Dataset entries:
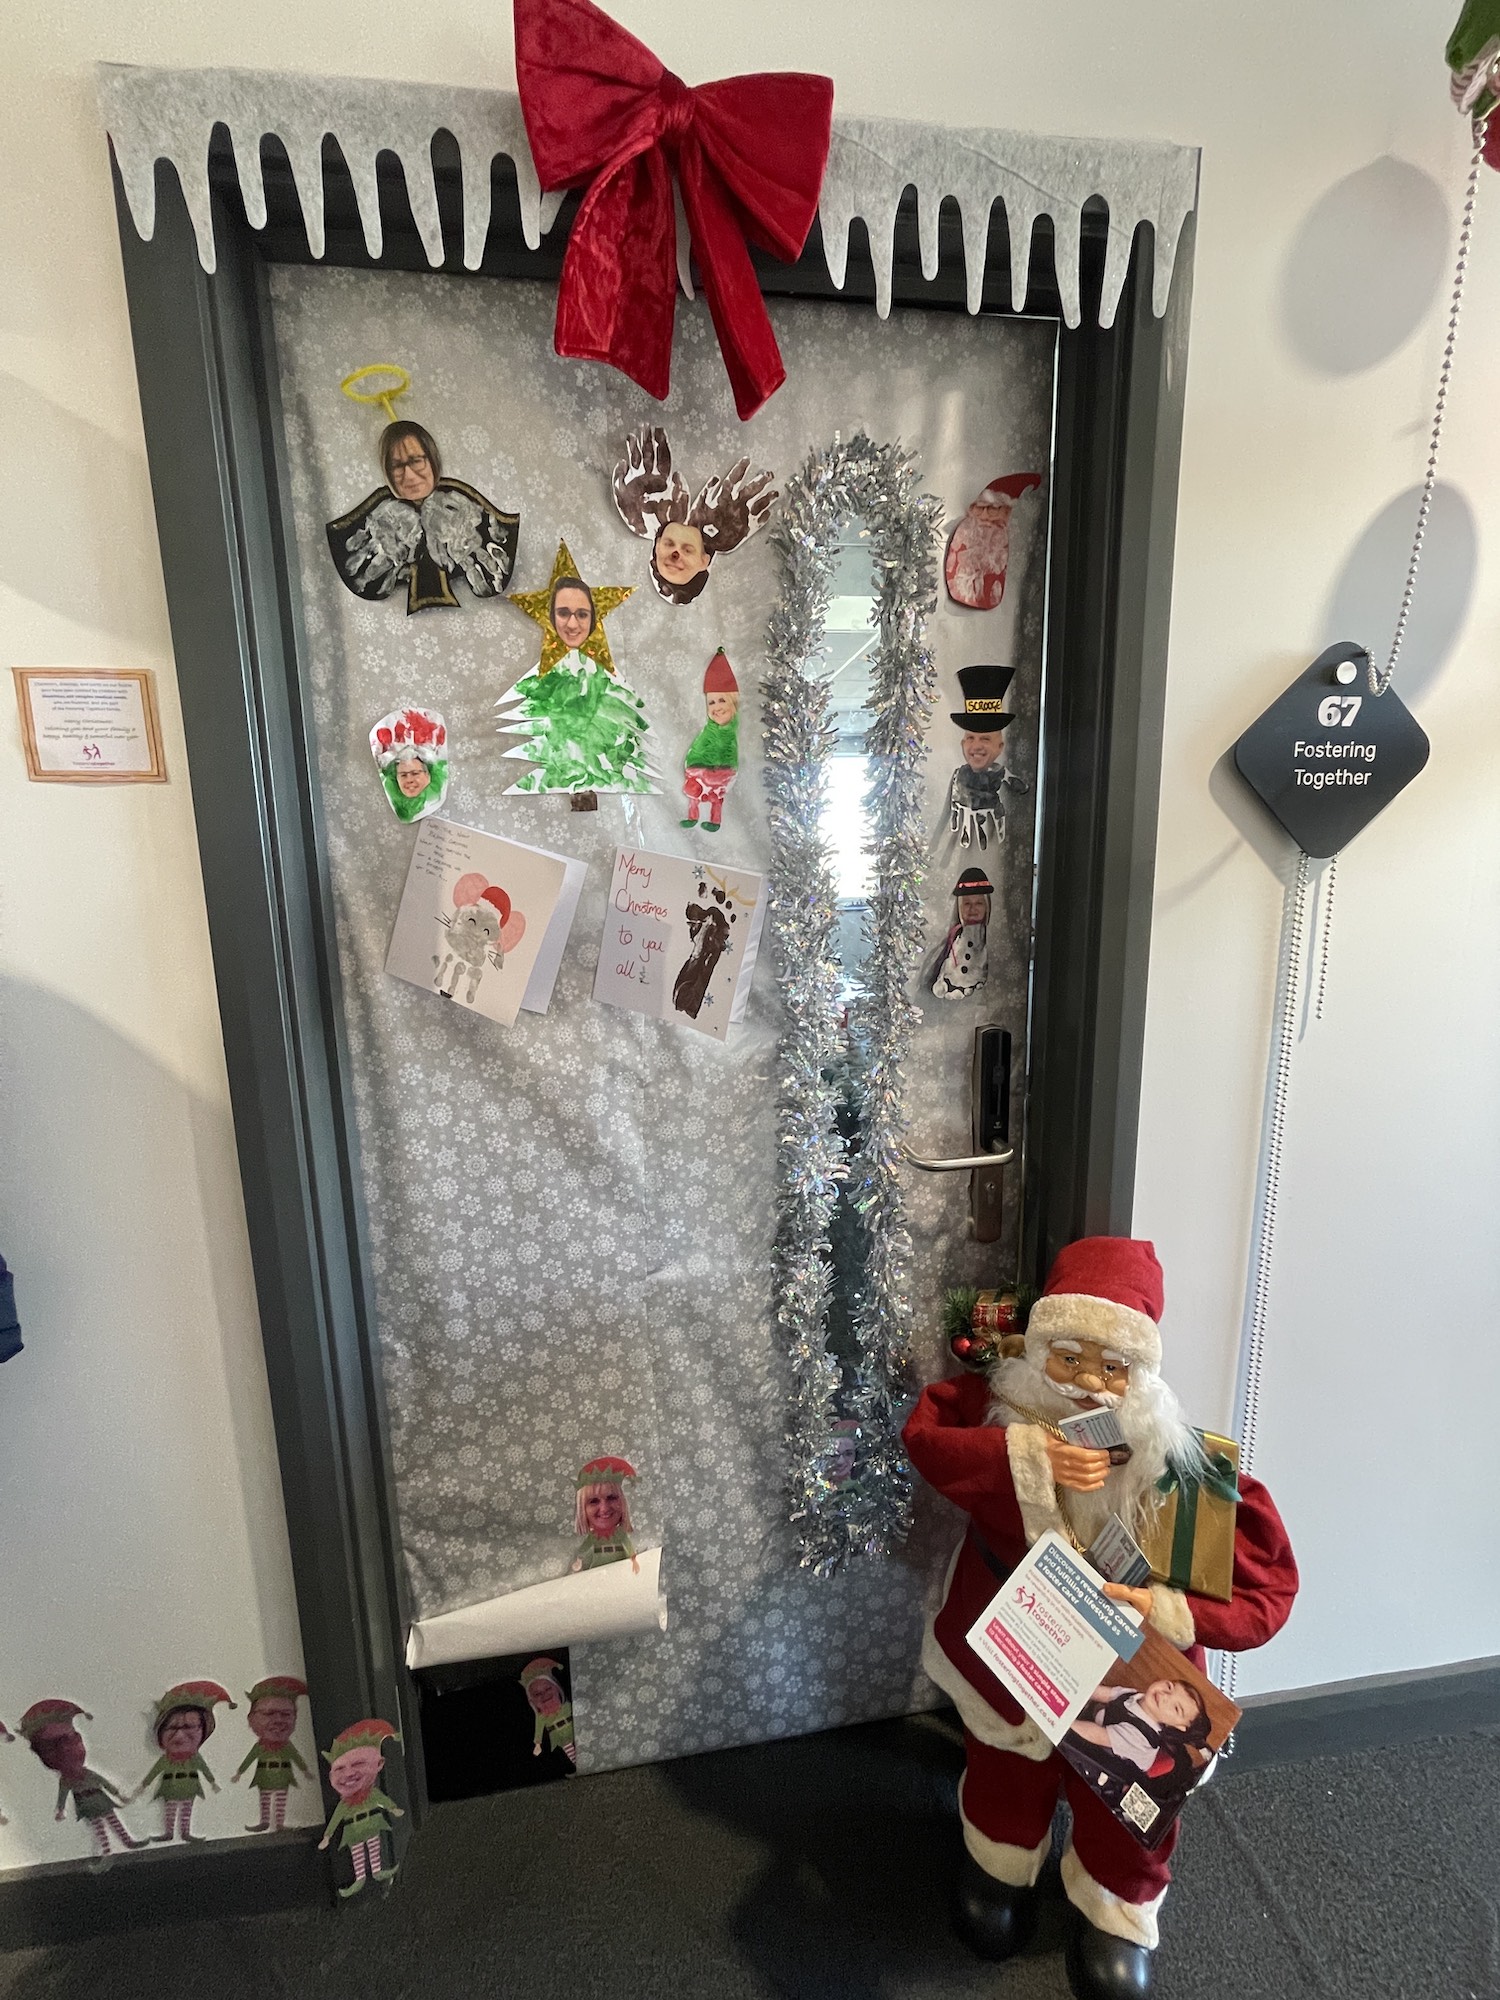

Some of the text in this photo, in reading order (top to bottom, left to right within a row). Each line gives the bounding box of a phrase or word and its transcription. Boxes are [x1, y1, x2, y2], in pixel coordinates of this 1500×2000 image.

[1317, 695, 1362, 727] 67
[1293, 740, 1376, 762] Fostering
[1294, 768, 1372, 790] Together
[619, 853, 652, 889] Merry
[615, 888, 668, 921] Christmas
[618, 925, 664, 963] to you
[616, 960, 635, 979] all
[1041, 1564, 1063, 1587] foster
[1060, 1584, 1079, 1605] carer
[1042, 1553, 1121, 1636] and fulfilling lifestyle as
[1047, 1545, 1076, 1576] Discover
[1078, 1578, 1115, 1617] rewarding
[1113, 1613, 1138, 1639] career
[991, 1620, 1007, 1638] Learn
[1029, 1607, 1067, 1649] together
[1034, 1601, 1073, 1644] fostering
[1003, 1635, 1020, 1654] about
[1016, 1651, 1031, 1668] your
[1028, 1663, 1035, 1671] 3
[1031, 1667, 1052, 1691] simple
[1048, 1687, 1066, 1708] steps

Task requirements: Set the records down again precisely, skipping every image.

Solved problem:
Some of the text in this photo, in reading order (top to bottom, left to right within a row). Each line gives the bounding box of a phrase or word and its transcription. Boxes are [x1, y1, x2, y2], in pixel coordinates of this 1500×2000 image.

[1317, 695, 1362, 727] 67
[1293, 740, 1376, 762] Fostering
[1294, 768, 1372, 790] Together
[619, 853, 652, 889] Merry
[615, 888, 668, 921] Christmas
[618, 925, 664, 963] to you
[616, 960, 635, 979] all
[1041, 1564, 1063, 1587] foster
[1060, 1584, 1079, 1605] carer
[1042, 1553, 1121, 1636] and fulfilling lifestyle as
[1047, 1545, 1076, 1576] Discover
[1078, 1578, 1115, 1617] rewarding
[1113, 1613, 1138, 1639] career
[991, 1620, 1007, 1638] Learn
[1029, 1607, 1067, 1649] together
[1034, 1601, 1073, 1644] fostering
[1003, 1635, 1020, 1654] about
[1016, 1651, 1031, 1668] your
[1028, 1663, 1035, 1671] 3
[1031, 1667, 1052, 1691] simple
[1048, 1687, 1066, 1708] steps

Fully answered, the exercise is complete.